Before you give any wild caught raw meat, it's best to freeze it for 3 or 4 weeks first to kill off any potential parasites.
Also with fish, some are more beneficial than others. I would not feed fish that are known for being high in mercury content, like Tuna, shark etc. The healthiest fish are low in mercury and high in omega fatty acids, so ideally salmon, rainbow trout, mackeral, smelt, sardines, anchovies. Fish like tilapia, cod and catfish are fine, but so low in oils and fatty acids that they're more of a filler meat.
When I feed fish, I usually choose smelt or sardines since they're most readily available and most expensive, and I do feed them whole.
I've attached a chart that has info on mercury levels and omega.
Oh one other thing, if you live in the pacific northwest, do NOT feed the salmon raw. They often carry a parasite that results in salmon poisoning disease. It's very serious and can kill dogs. The parasite can infect any fish in the salmon family.
Are you feeding a raw diet? My spaniel's on a raw diet, he gets a small whole mackerel once a week. I have the butcher gut them and cut off the tail but leave the head. Gutting is for my squeamishness, not the dog's.
I'm not sure of the origin of the fish (it's an Asian market) but I did see some larger mackerel that look just like some I saw when I was researching so I think I'll get those next time and cut them in half for portioning.
The only fish that is going to be of benefit is wild caught oily types. the benefits come from the oils for omegas. Farmed fish don't have near the benefits. The only thing is, be sure it isn't wild caught from the Pacific Northwest. Feeding those will be a risk of salmon poisoning which is fatal if fed raw to dogs. It would need to be wild caught from somewhere like the Atlantic.
And, you don't have to debone, but I would open them up and gut them to be sure there are no swallowed hooks.
I personally just give fish oil rather than fish, because I just don't have access to quality oily fish here. the oil is where the benefits come from, so its just easier for me to give the oil capsules instead.
Yes, oily fish is best. But even white fish is good for protein and variety. I wouldn't discount it because it isn't an oily fish. For fish I feed mostly mackerel, salmon, sardines and bluefish. But I will also feed tilapia, whiting and most any other type when I find it for a good price.
There are too many other proteins out there to feed rather than lower quality, non oily fish. the oils are the whole reason for feeding fish. otherwise, I would rather feed actual meat proteins that they will get considerably more nutrition out of. If I am given non oily fish for free, I will take it and feed it just for something a little different, but I wouldn't go out and buy it. It just isn't worth it nutritionally. Tialpia is almost nutritionless and non oily. If it's farm raised, it is nutritionless.
Fish in general really isn't a natural part of their diet. In the wild, they are eating wild game red meats which already have all the omegas 3's needed naturally. We supplement our dogs with fish oils and oily fish because most of us aren't lucky enough(or financialy able) to be able to feed only grass fed red meats to supply those omegas. If you could feed grass fed only red meats daily (no grain ever fed at all) like beef, lamb, pork, goat, deer, elk etc.....you wouldn't have to give any omega supplement.

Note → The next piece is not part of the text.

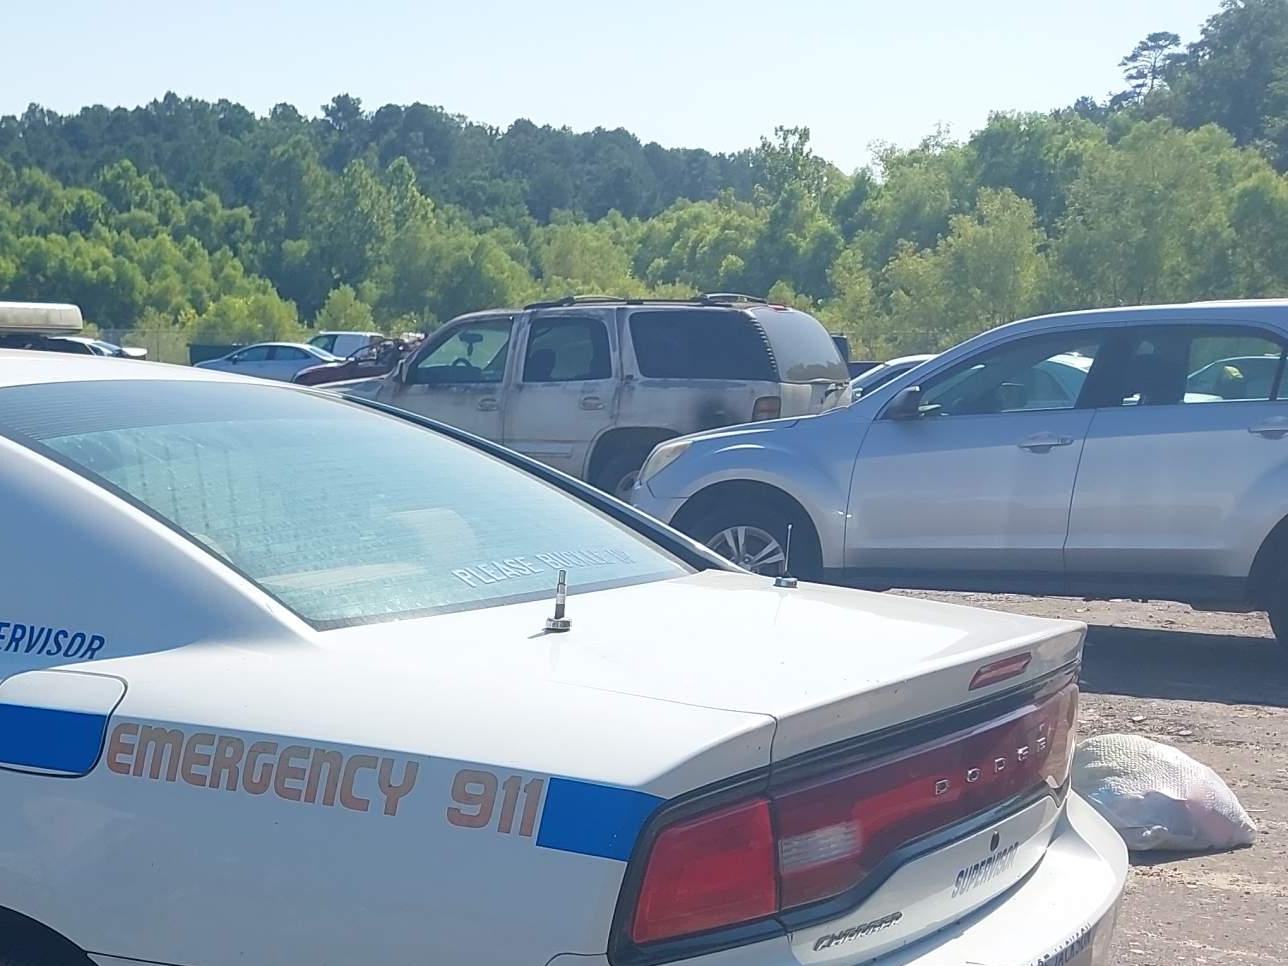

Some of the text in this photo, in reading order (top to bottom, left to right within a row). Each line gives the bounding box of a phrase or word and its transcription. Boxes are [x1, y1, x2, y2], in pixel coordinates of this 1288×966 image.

My dogs love fish too much not to give it to them. So I do, oily fish more often than other fish. But since they like it I see no reason not to give it to them when I find it for a good price. Maybe your luckier than I am and can get a big variety of meats. But one great thing about raw is that you can easily tailor it to your animals needs and your availability.

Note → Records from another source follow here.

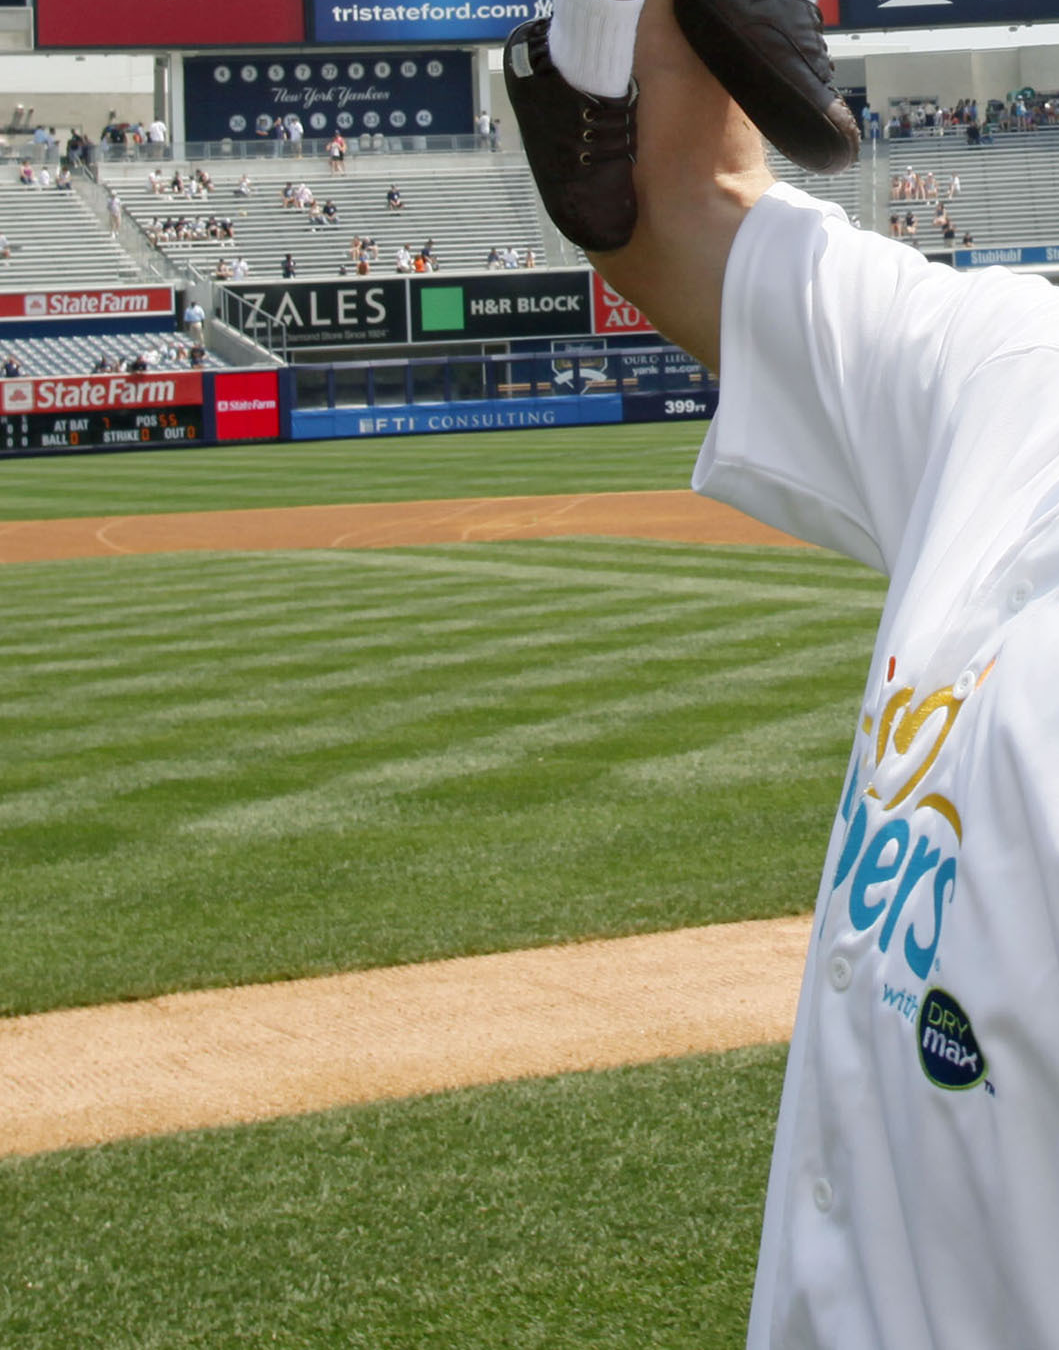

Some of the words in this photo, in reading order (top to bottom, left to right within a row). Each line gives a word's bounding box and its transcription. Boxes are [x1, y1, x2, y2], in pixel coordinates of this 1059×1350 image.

[332, 3, 528, 22] tristateford.com
[270, 86, 301, 103] New
[303, 86, 336, 110] York
[337, 85, 391, 109] Yankees
[970, 249, 1022, 265] StubHub!
[243, 288, 387, 329] ZALES
[470, 298, 511, 316] H&R
[517, 294, 581, 314] BLOCK
[37, 381, 106, 409] State
[108, 378, 175, 403] Farm
[54, 420, 67, 433] AT
[69, 418, 89, 431] BAT
[136, 414, 158, 427] POS
[376, 418, 415, 432] FTI
[428, 410, 556, 430] CONSULTING
[42, 433, 68, 446] BALL
[103, 429, 140, 443] STRIKE
[164, 427, 186, 439] OUT
[882, 983, 919, 1024] with
[927, 1001, 969, 1040] DRY
[922, 1026, 978, 1073] max

If they love it, and you can get quality oily types there isn't anything wrong with feeding it several times a week. If it's wild caught you are getting the needed omegas that way and no need to supplement. If it's farmed, you aren't getting the omega oils that are needed and you will need to supplement. Feeding it is fine, but I wouldn't make it the diet staple. If your dogs are eating it, it won't hurt still a few times a week. Something different for sure.
The only fish I have access to is catfish. Mostly farmed which I won't buy. ZERO nutritional quality even out of the river. If I get it free, I just add it with another protein of some sort.